Наконец, продолжая говорить о целях, нужно ли это Европе? Да. Европе нужны новые буферы между Европой и Россией, в роли которого может выступать Украина. В результате, мы со своим реваншем оказались в зоне пересечения интересов Америки, Европы и России, которые ведут здесь борьбу за сферы влияния, и делят страну вплоть до полного раскола.

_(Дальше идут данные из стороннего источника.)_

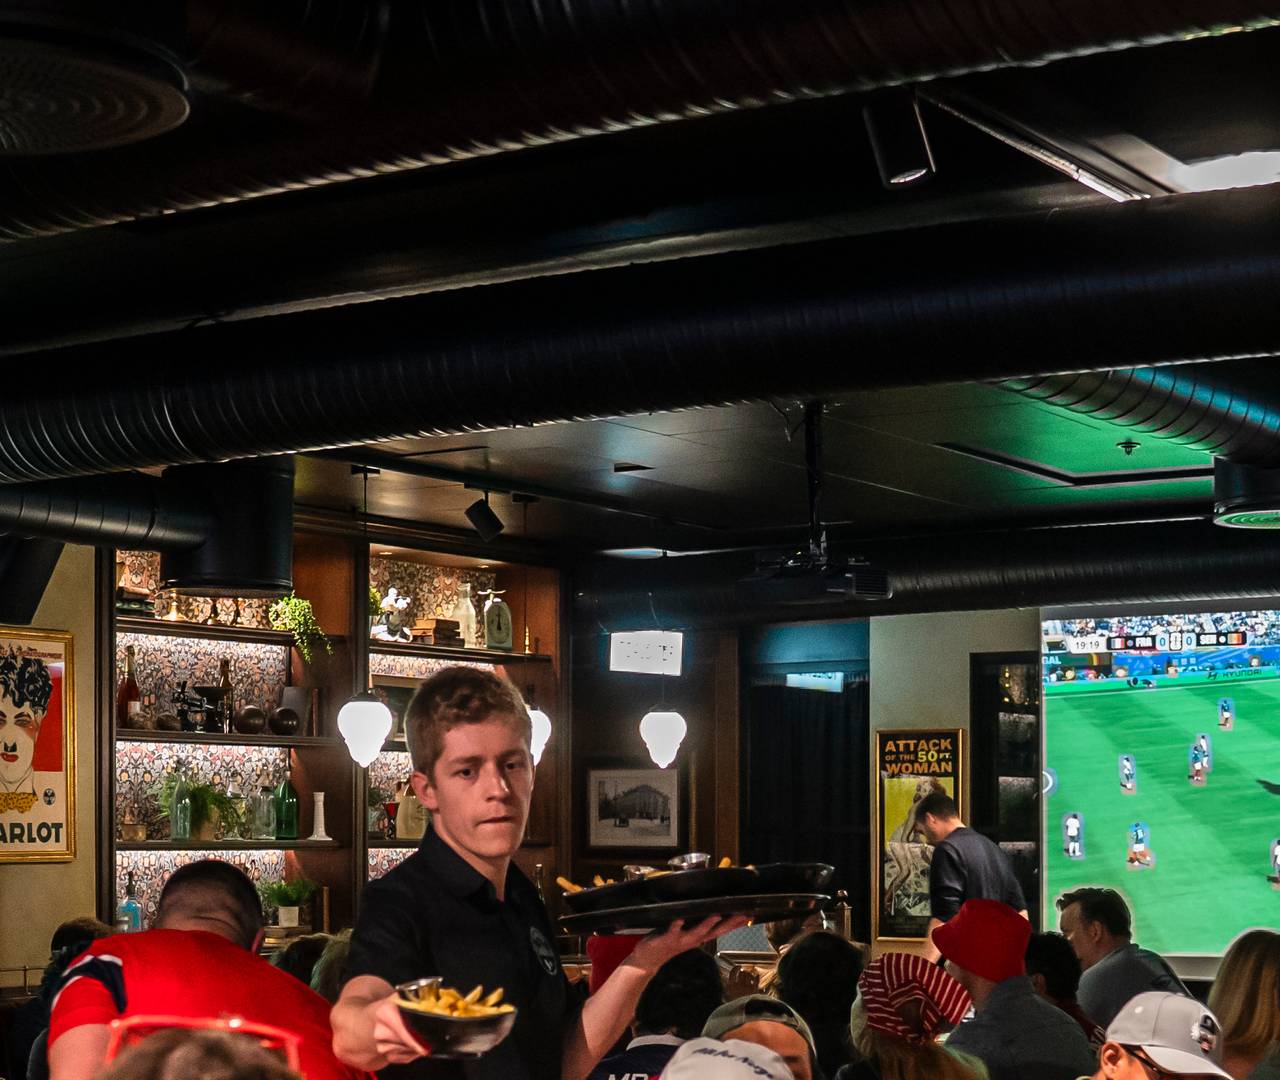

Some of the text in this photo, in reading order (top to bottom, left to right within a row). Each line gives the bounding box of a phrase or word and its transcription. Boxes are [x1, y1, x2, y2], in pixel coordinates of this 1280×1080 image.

[1075, 640, 1100, 650] 19:19
[1222, 669, 1263, 679] HYUNDAI
[885, 738, 952, 752] ATTACK
[900, 753, 915, 761] THE
[918, 750, 938, 762] 50
[885, 761, 952, 774] WOMAN

– О каком расколе идет речь?
– Я имею в виду раскол по линии Западной Украины, Донбасса и центра. Полтора года назад один из бойцов, националист из Днепропетровска, сказал мне очень хорошую вещь: "попомни мои слова, через год у нас будет западноукраинский сепаратизм, и его надо контролировать". Западная Украина прошла период национализма, и сейчас там прорастают гражданские и левые гуманистические идеи. Яркий пример – Руслан Коцаба – откуда? Из Ивано-Франковска. Организация явно левого толка "Студреспублика"? Из Ивано-Франковска. Игорь Дмитриев ("Свободная школа сопротивления") – известный журналист-антипутинист, который здесь оказался "агентом Кремля", – тоже проводит форумы в Западной Украине. То есть, они национализм переросли. Он сейчас весь сконцентрирован в Киеве. Частично за счет приезжих, частично за счет пропаганды. То есть, большинство-то людей войны не хотят. Но они молчат. А вместо этого действует наше глобальное село интернета, соцсетей, которое осуществляет так называемый эффект народного вече. То есть, оно представляет группу людей, говорящую якобы от имени народа, но народом, собственно, не являющаяся.